MATERIAL PROVIDED -

• • • •

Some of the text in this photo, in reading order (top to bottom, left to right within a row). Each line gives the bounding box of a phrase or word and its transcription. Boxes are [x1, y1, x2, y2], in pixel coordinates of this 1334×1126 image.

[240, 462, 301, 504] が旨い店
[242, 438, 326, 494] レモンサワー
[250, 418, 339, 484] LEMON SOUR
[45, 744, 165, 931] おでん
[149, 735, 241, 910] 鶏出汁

• • • •

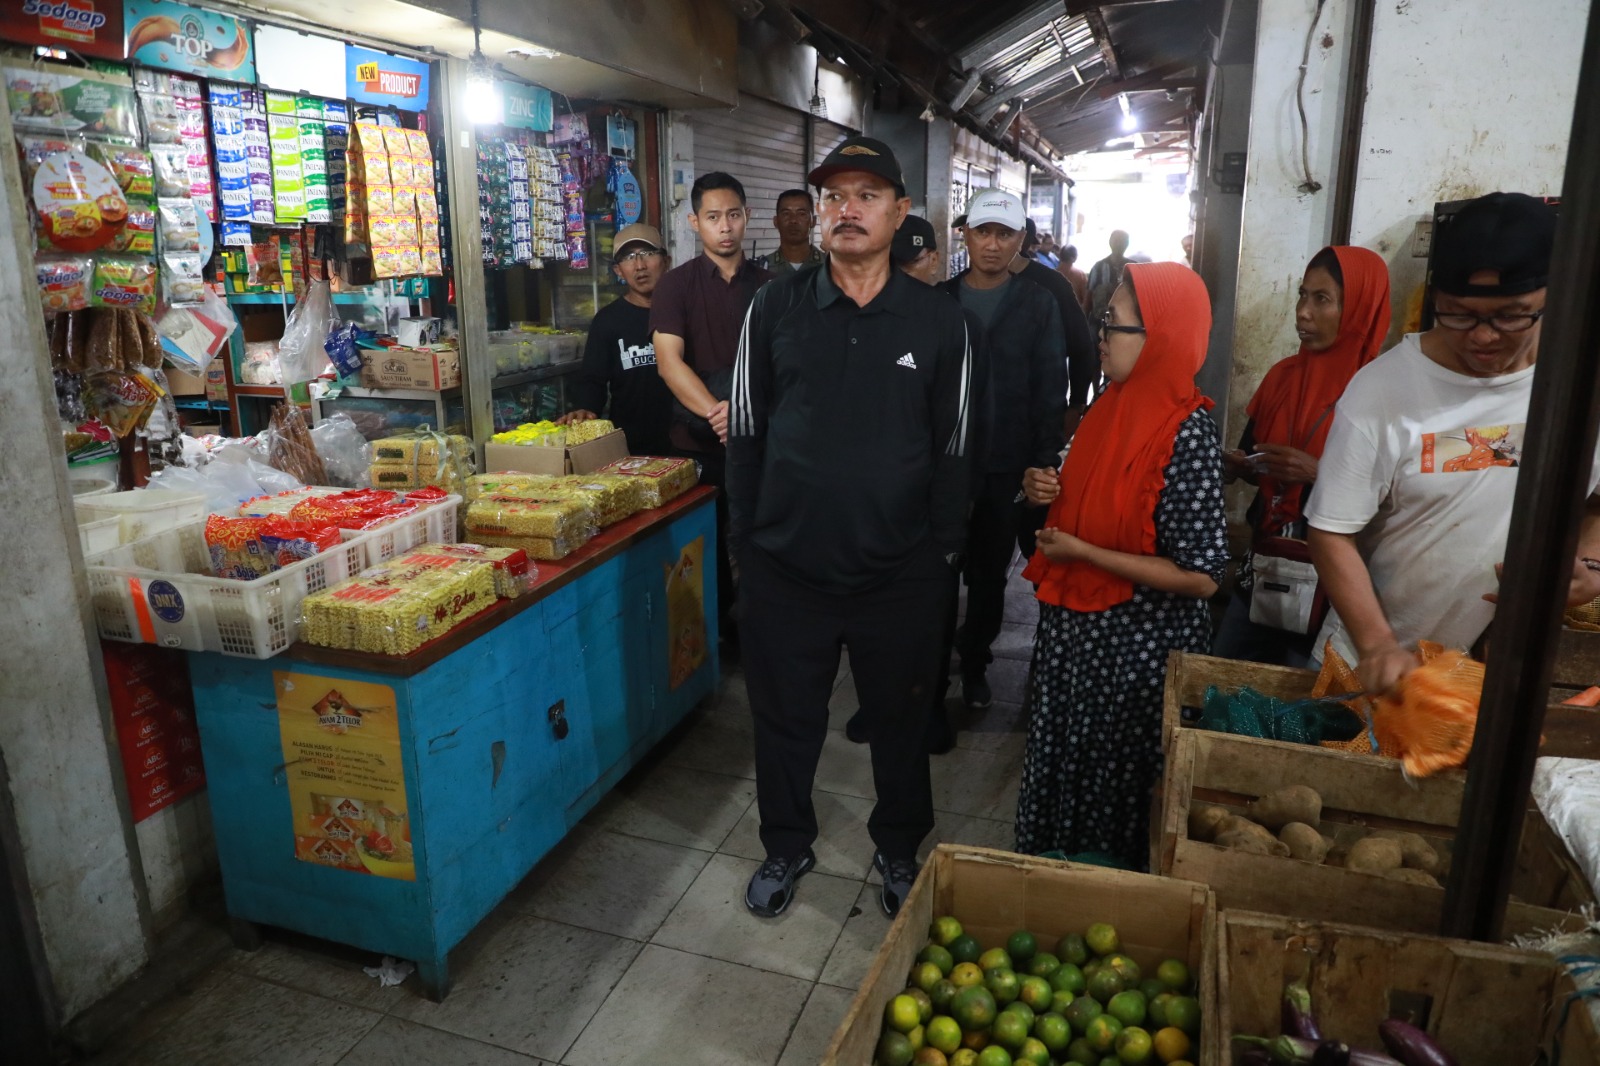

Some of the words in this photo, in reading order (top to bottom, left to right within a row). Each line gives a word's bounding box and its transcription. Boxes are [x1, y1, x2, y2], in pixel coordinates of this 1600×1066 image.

• • • •

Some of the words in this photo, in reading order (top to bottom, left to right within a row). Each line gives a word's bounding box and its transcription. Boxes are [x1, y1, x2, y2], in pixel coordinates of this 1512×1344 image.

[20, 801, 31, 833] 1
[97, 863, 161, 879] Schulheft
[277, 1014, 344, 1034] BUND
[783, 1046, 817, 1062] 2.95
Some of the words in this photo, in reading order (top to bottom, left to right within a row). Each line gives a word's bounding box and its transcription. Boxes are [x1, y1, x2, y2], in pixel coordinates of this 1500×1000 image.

• • • •

WORK INSTRUCTION - Reproduce exactly the lines above from the line with "this 1512×1344 image." to the line with "this 1500×1000 image.", including both, and add nothing.

RESPONSE -
Some of the words in this photo, in reading order (top to bottom, left to right within a row). Each line gives a word's bounding box and its transcription. Boxes are [x1, y1, x2, y2], in pixel coordinates of this 1512×1344 image.

[20, 801, 31, 833] 1
[97, 863, 161, 879] Schulheft
[277, 1014, 344, 1034] BUND
[783, 1046, 817, 1062] 2.95
Some of the words in this photo, in reading order (top to bottom, left to right within a row). Each line gives a word's bounding box and its transcription. Boxes are [x1, y1, x2, y2], in pixel coordinates of this 1500×1000 image.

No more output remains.